The Fresh Loaf

A Community of Amateur Bakers and Artisan Bread Enthusiasts.

Frisian Black Bread TRB

louiscohen's picture
louiscohen

Frisian Black Bread TRB

The recipe for Frisian Black Bread (Fries Swartbrood) in "The Rye Baker" is unusual but easy.

It has a two-stage sponge at high hydration (I set the proofer  to 75 F; my rye starter prefers a warm room temp) that I think is supposed to favor acetic acid; the book promises "a mouth-awakening sour edge".  I didn't get that, but my palate isn't great. 

The recipe is easy and at 87.5% hydration for 50% medium rye and 50% bread flour, it comes out as a thick batter that has to be baked in a loaf pan.  I got very nice oven spring.  The hardest part of the recipe is waiting 24+ hours to slice it.

It's not particularly black with KA Organic Rye.  I'll probably try it with a whole rye flour. 

Frisian Black Bread Photos 

alcophile's picture
alcophile

I baked this loaf, too, and found that the crumb was not very dark.
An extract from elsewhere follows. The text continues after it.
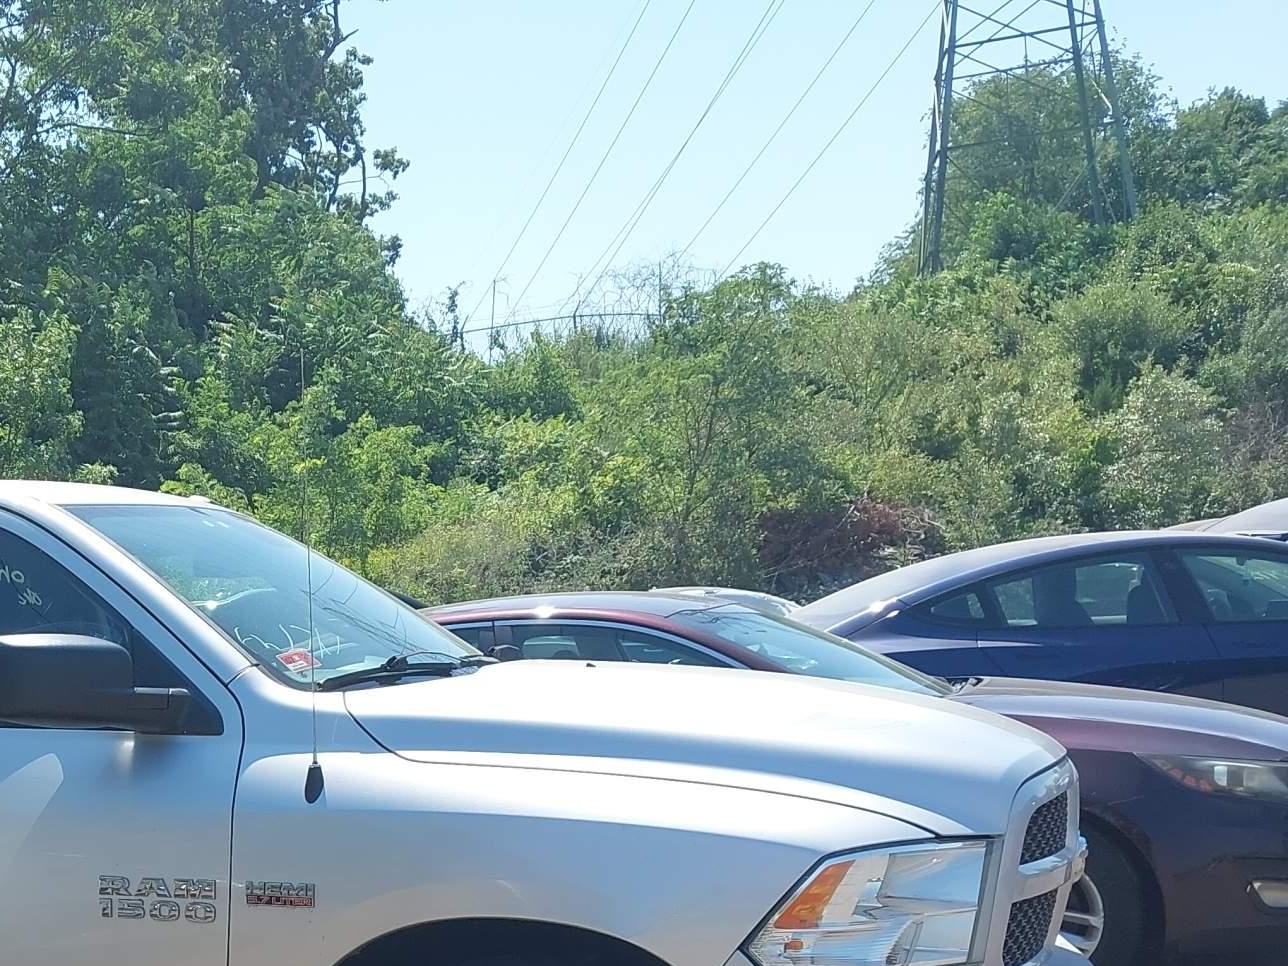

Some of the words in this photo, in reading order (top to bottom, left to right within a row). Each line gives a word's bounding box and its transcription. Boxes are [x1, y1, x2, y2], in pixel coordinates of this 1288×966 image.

But I did think that the crust was pretty dark so maybe that is the origin of the Black Bread? I though the flavor was OK, but it was not up there with some of the other recipes in TRB.

louiscohen's picture
louiscohen

I actually overbaked this one a bit.  I had been baking with convection at 25 F lower than recipes specified.  The convection distributed heat more evenly eliminating the need to rotate loaves on a stone partway through.  

But recently, I turned the convection off and I use the published temps and times.  I have been finding that I need to check the loaves a few minutes before the shortest recipe bake time.  And the dutch oven of course eliminates the need to rotate anything.  

The oven has digital controls, not knobs; when I have checked the temps they match the control setting very accurately.  

I used KA Organic rye, a medium rye for this one.  Maybe the Frisian flour has a higher extraction and comes out darker.